■ Collected data:
-*-

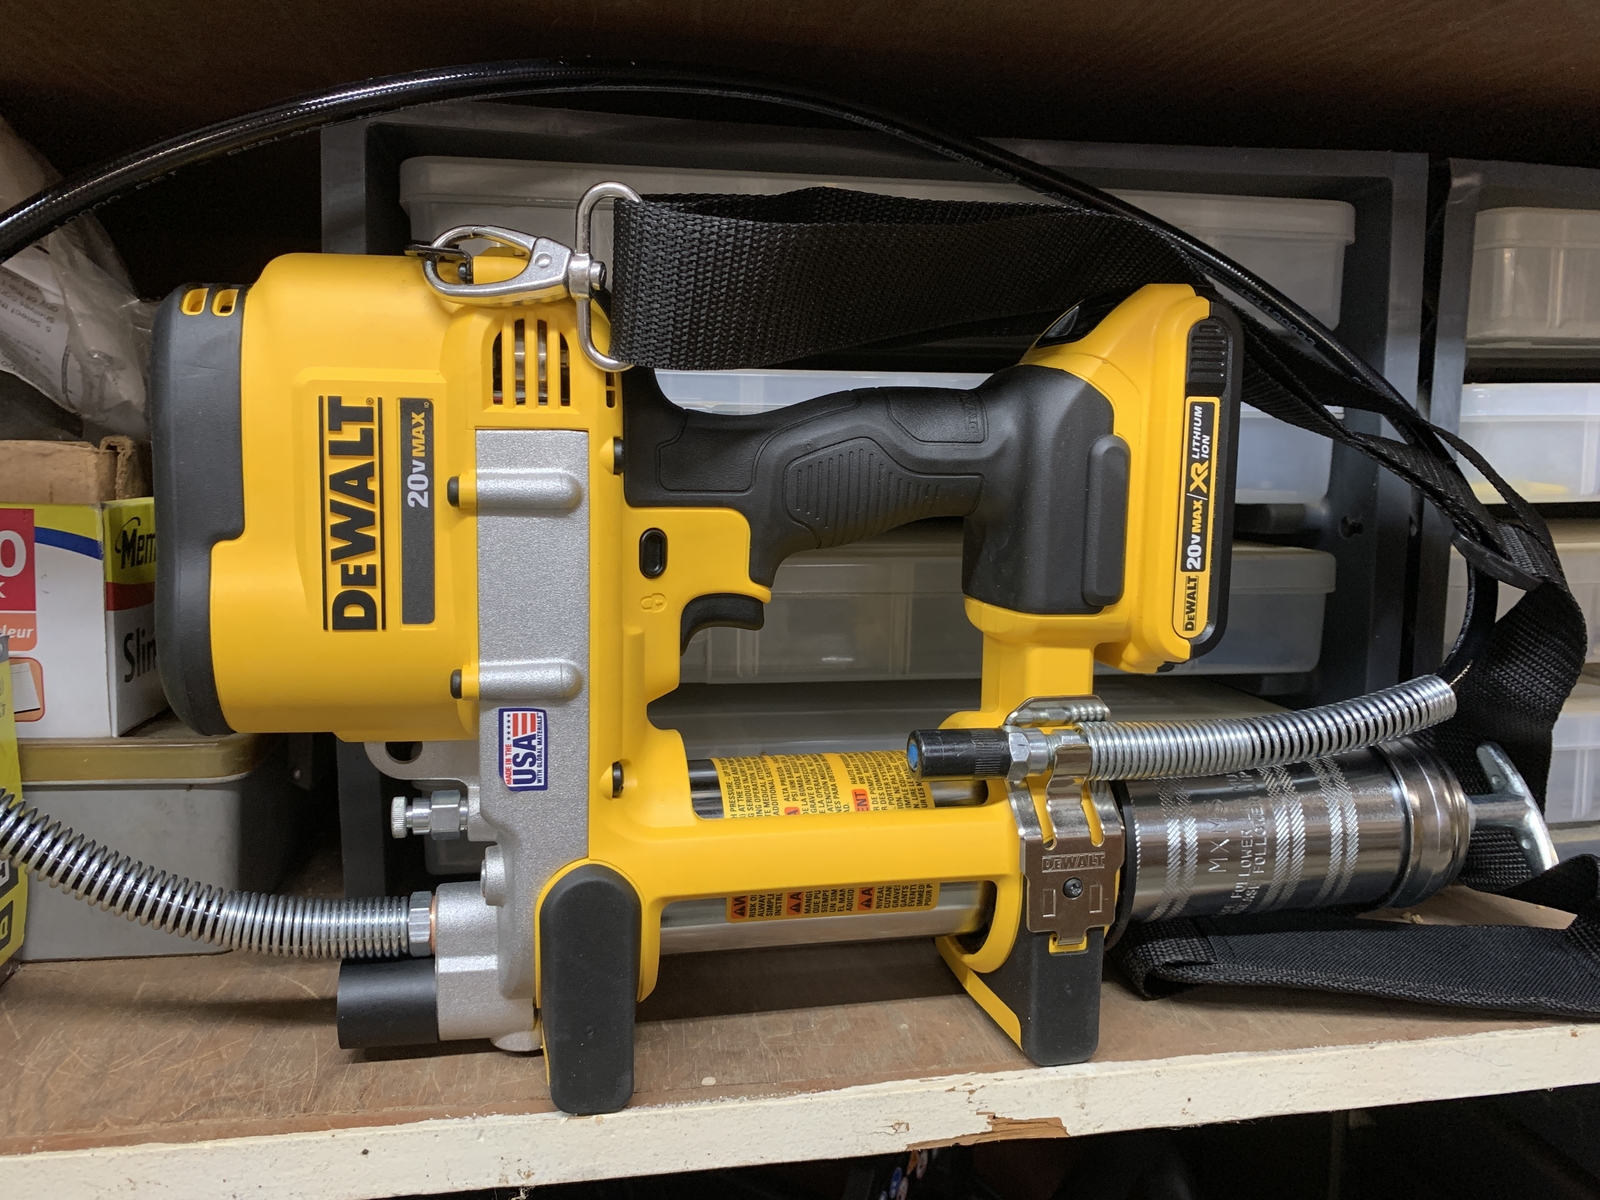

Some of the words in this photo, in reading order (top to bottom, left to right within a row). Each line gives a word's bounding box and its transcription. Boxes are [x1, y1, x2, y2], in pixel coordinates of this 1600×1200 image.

[411, 411, 425, 457] MAX
[1192, 405, 1203, 459] LITHIUM
[1201, 435, 1210, 458] ION
[328, 396, 377, 631] DEWALT
[1192, 500, 1203, 533] MAX
[1184, 576, 1197, 631] DEWALT
[513, 733, 536, 784] USA
[731, 767, 739, 775] AND
[847, 769, 857, 784] HAUTE
[854, 764, 862, 774] BARS
[869, 763, 883, 790] DOMMAGES
[733, 776, 742, 789] HOSE
[889, 774, 898, 784] PAS
[726, 782, 737, 812] PRESSURE
[735, 791, 744, 802] THE
[744, 785, 753, 811] SERIOUS
[759, 782, 770, 808] MEDICAL
[768, 779, 779, 816] ADDITIONAL
[782, 787, 790, 801] ALTA
[831, 784, 839, 799] PARA
[884, 782, 895, 805] PORTER
[909, 788, 918, 800] LIRE
[917, 788, 925, 798] LES
[800, 798, 808, 806] LA
[808, 792, 817, 813] GRAVE
[816, 800, 825, 808] LA
[872, 796, 878, 804] DE
[738, 804, 745, 812] AT
[1042, 854, 1105, 871] DEWALT
[900, 886, 908, 907] GANTS
[924, 890, 932, 905] POUR
[812, 901, 820, 913] QUE
[829, 903, 836, 912] UN
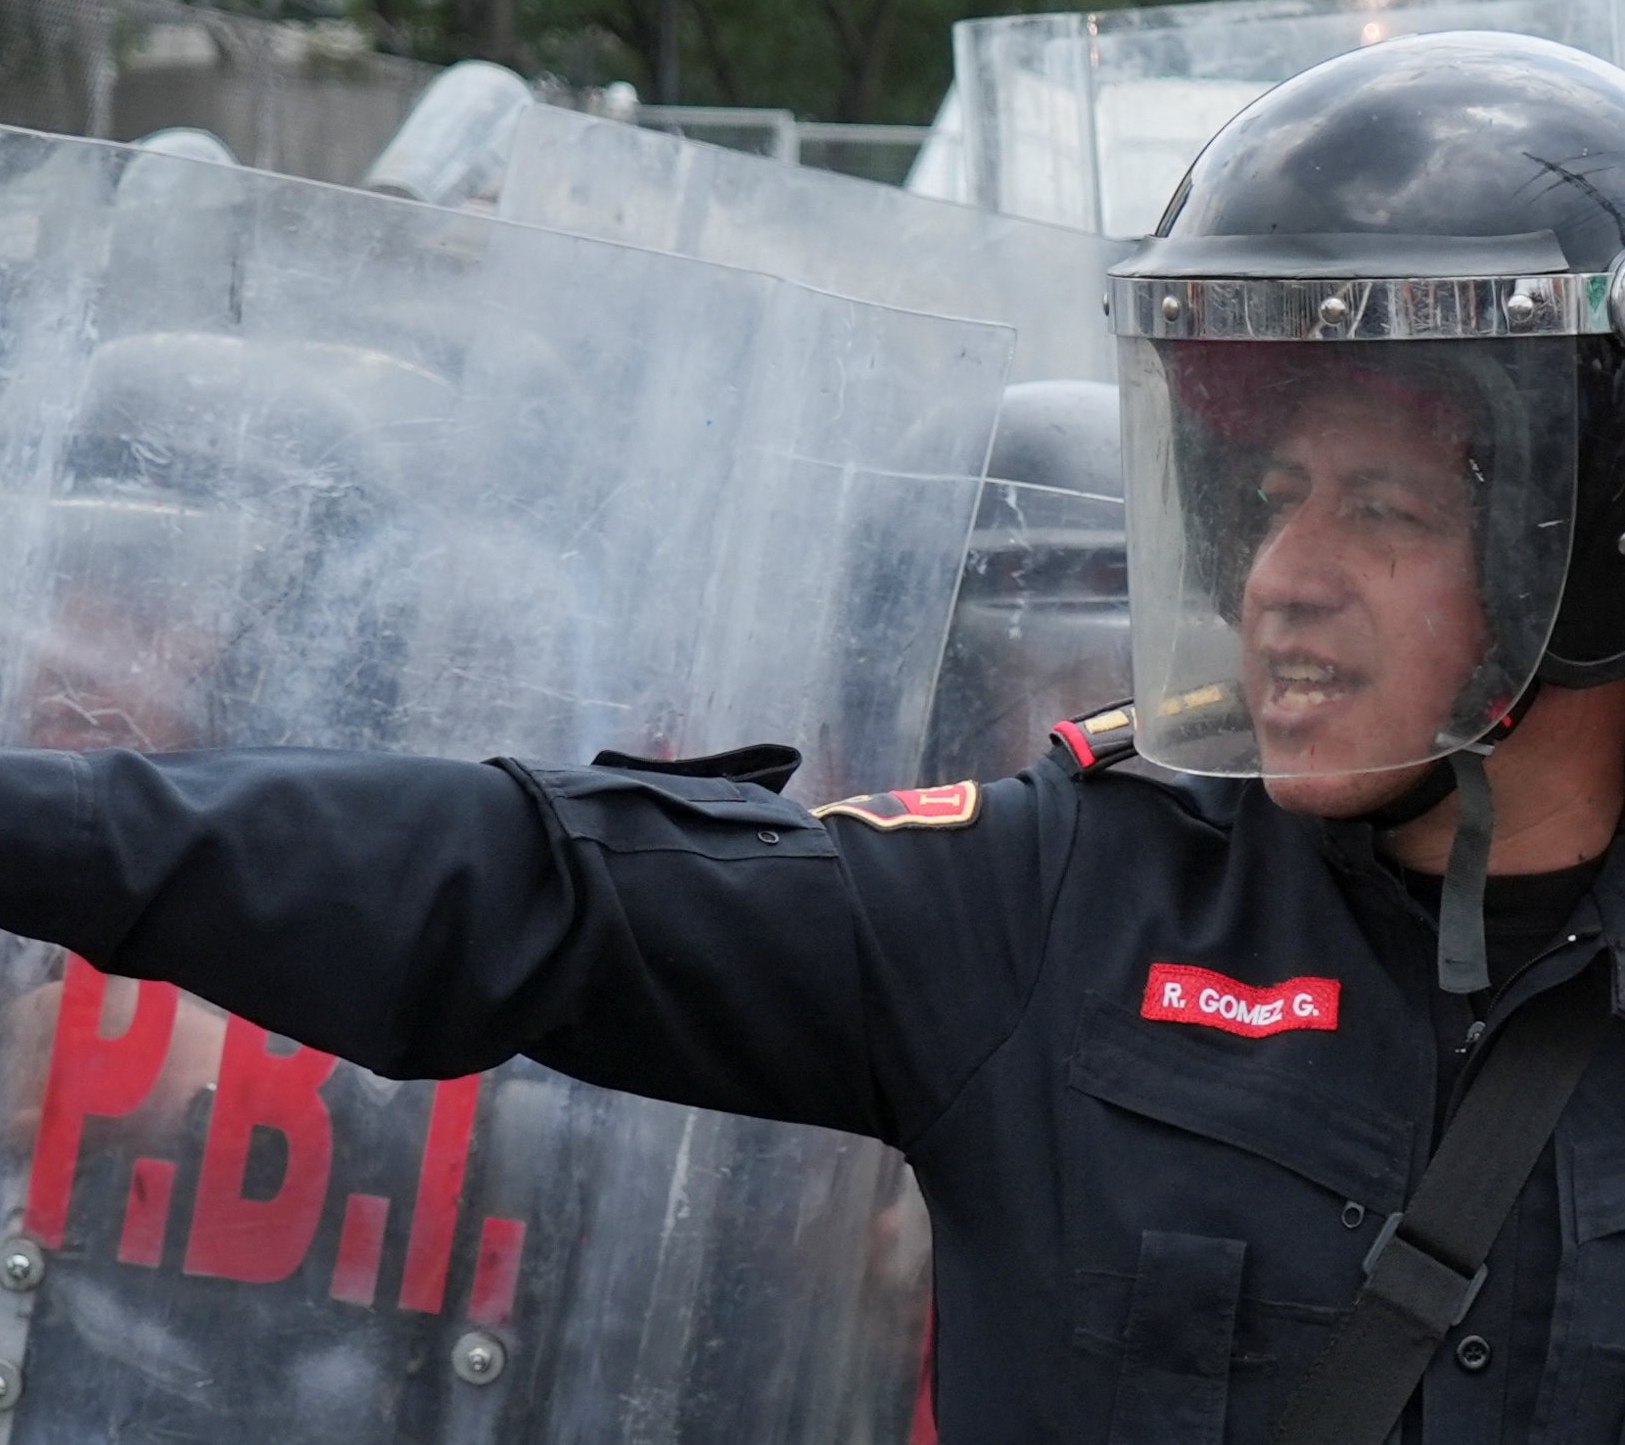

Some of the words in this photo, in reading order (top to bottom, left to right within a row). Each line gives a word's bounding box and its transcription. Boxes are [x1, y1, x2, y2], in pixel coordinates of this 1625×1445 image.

[1162, 982, 1187, 1009] R.
[1198, 987, 1286, 1026] GOMEZ
[1292, 992, 1320, 1017] G.
[24, 950, 527, 1324] P.B.I.

-*-

■ What the task asks: What is needed is an exact copy of the records above, with no pictures in it.

■ Result of this task:
Some of the words in this photo, in reading order (top to bottom, left to right within a row). Each line gives a word's bounding box and its transcription. Boxes are [x1, y1, x2, y2], in pixel coordinates of this 1600×1200 image.

[411, 411, 425, 457] MAX
[1192, 405, 1203, 459] LITHIUM
[1201, 435, 1210, 458] ION
[328, 396, 377, 631] DEWALT
[1192, 500, 1203, 533] MAX
[1184, 576, 1197, 631] DEWALT
[513, 733, 536, 784] USA
[731, 767, 739, 775] AND
[847, 769, 857, 784] HAUTE
[854, 764, 862, 774] BARS
[869, 763, 883, 790] DOMMAGES
[733, 776, 742, 789] HOSE
[889, 774, 898, 784] PAS
[726, 782, 737, 812] PRESSURE
[735, 791, 744, 802] THE
[744, 785, 753, 811] SERIOUS
[759, 782, 770, 808] MEDICAL
[768, 779, 779, 816] ADDITIONAL
[782, 787, 790, 801] ALTA
[831, 784, 839, 799] PARA
[884, 782, 895, 805] PORTER
[909, 788, 918, 800] LIRE
[917, 788, 925, 798] LES
[800, 798, 808, 806] LA
[808, 792, 817, 813] GRAVE
[816, 800, 825, 808] LA
[872, 796, 878, 804] DE
[738, 804, 745, 812] AT
[1042, 854, 1105, 871] DEWALT
[900, 886, 908, 907] GANTS
[924, 890, 932, 905] POUR
[812, 901, 820, 913] QUE
[829, 903, 836, 912] UN

Some of the words in this photo, in reading order (top to bottom, left to right within a row). Each line gives a word's bounding box and its transcription. Boxes are [x1, y1, x2, y2], in pixel coordinates of this 1625×1445 image.

[1162, 982, 1187, 1009] R.
[1198, 987, 1286, 1026] GOMEZ
[1292, 992, 1320, 1017] G.
[24, 950, 527, 1324] P.B.I.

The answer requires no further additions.